I. Kaum jemand hat Vorstellungskraft genug, zu erahnen, was und wie viel mehr an menschlichem Leid sich hinter den zugerichteten Bildern verbirgt, die wir vom Krieg erhalten. Arm derjenige, den das nicht rührt und betrübt. Das Moralische, so hoffen wir mit Friedrich Theodor Vischer, versteht sich von selbst. Um das Unmoralische, gar das Amoralische im Namen der Moral zu verstehen, reicht Moral aber nicht aus. Schon gar nicht die, die man derzeit in der Empörung über den neuerlichen Golfkrieg beobachten kann.
Es scheint keine zufällige Koinzidenz, dass der immense Erfolg von Jörg Friedrichs Buch über die Bombardierung der deutschen Städte im Zweiten Weltkrieg der hohen Betroffenheits-Mobilisierung bei den Friedensdemonstrationen unmittelbar vorausging - nicht kausal zwar, aber als Symptom einer mehr diffus selbstmitleidigen Sentimentalität anstelle humanitärer Empathie.
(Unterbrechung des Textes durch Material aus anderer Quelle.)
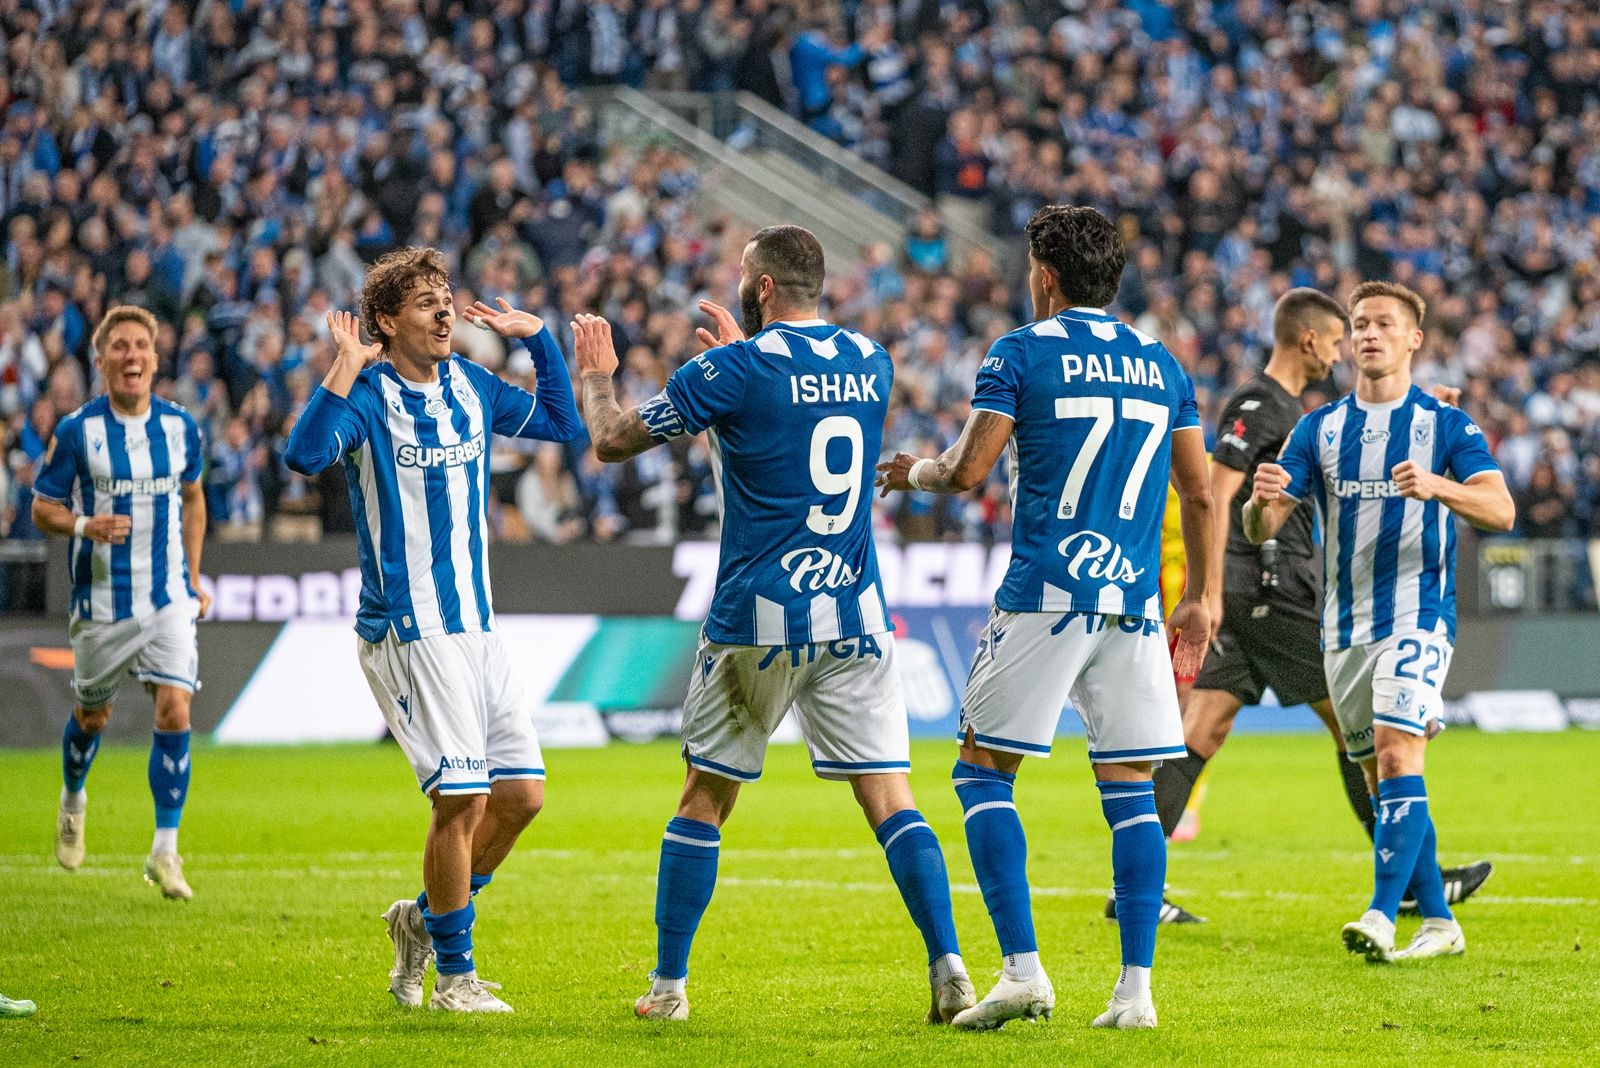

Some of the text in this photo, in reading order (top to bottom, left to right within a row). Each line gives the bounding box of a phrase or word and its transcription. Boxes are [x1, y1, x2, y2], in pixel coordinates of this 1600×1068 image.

[789, 373, 880, 404] ISHAK
[1060, 353, 1165, 390] PALMA
[805, 415, 864, 536] 9
[1054, 397, 1170, 521] 77
[95, 474, 178, 497] SUPERBE
[780, 546, 862, 593] Pils
[1057, 529, 1145, 584] Pils
[1394, 638, 1441, 688] 22
[440, 755, 486, 771] Arbton
Rückgekoppelt mit den massenmedialen Illustrationen zwischen Bild-Zeitung und Fernseh-Dokumentationen, begleitet von besorgten Fragen des Feuilletons nach einer neuen deutschen Opferstilisierung (Teilweise nachzulesen jetzt im Bändchen Ein Volk von Opfern?, Rowohlt Berlin 2003), findet man in Friedrichs Buch das Arrangement zwischen der Peitsche siebenschwänziger Grausamkeitsschocks und dem Zuckerbrot, man habe in dem, was neben den Menschen vernichtet wurde, in der historischen Substanz der Städte, in den Kulturdenkmalen und Bibliotheken etwas Unersetzliches besessen und verloren.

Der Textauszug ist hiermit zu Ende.